**** RECORDED INFORMATION

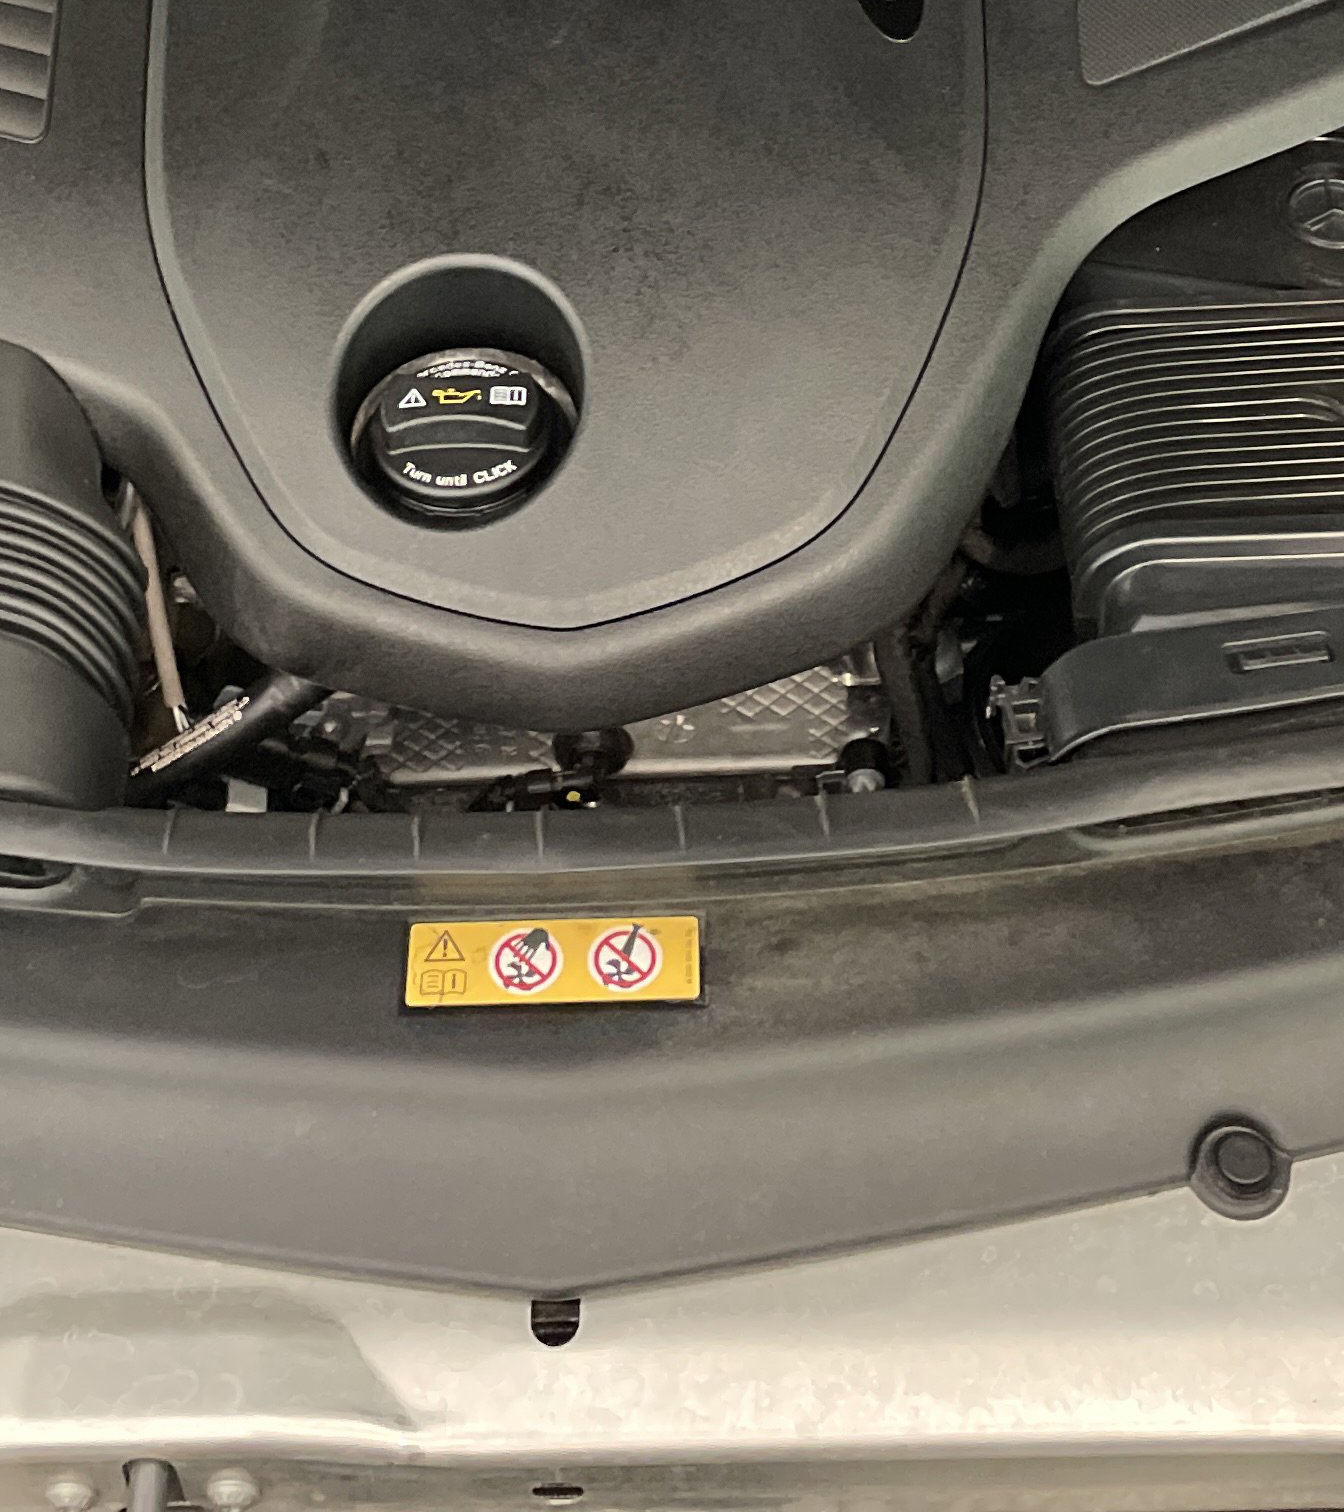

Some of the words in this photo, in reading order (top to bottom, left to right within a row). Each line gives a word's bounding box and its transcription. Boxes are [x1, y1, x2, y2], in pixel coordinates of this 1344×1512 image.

[402, 461, 432, 483] Turn
[435, 473, 468, 487] until
[472, 459, 518, 484] CLICK
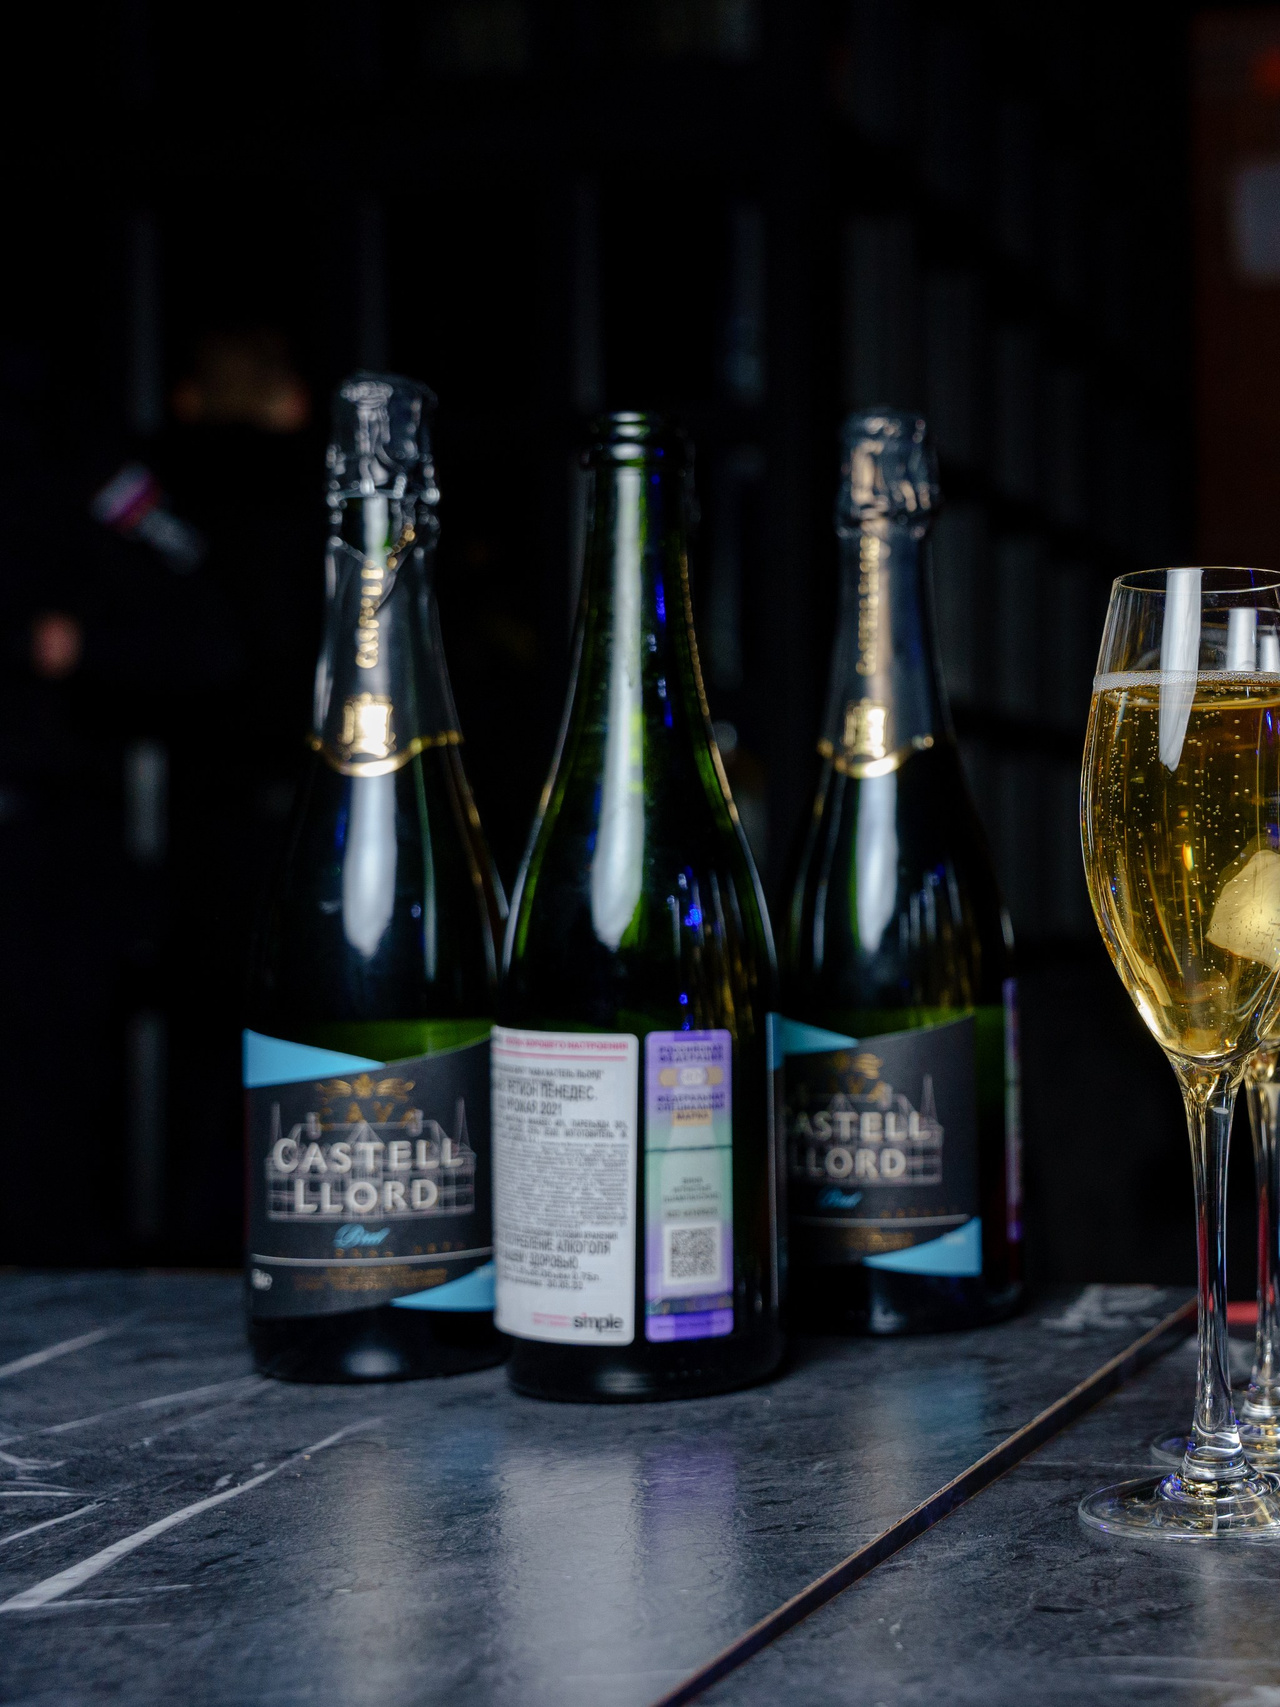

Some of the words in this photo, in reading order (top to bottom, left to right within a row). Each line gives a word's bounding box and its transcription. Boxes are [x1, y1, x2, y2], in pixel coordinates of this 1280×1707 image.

********

● **PROBLEM REQUIREMENTS**: Copy every entry exactly, leaving out the pictures.

● **COMPLETED EXERCISE**:
Some of the words in this photo, in reading order (top to bottom, left to right within a row). Each line gives a word's bounding box and its transcription. Boxes are [x1, y1, x2, y2], in pixel coordinates of this 1344×1512 image.

[402, 461, 432, 483] Turn
[435, 473, 468, 487] until
[472, 459, 518, 484] CLICK

Some of the words in this photo, in reading order (top to bottom, left to right within a row). Each line gives a word's bounding box and its transcription. Boxes are [x1, y1, x2, y2], in pixel coordinates of this 1280×1707 image.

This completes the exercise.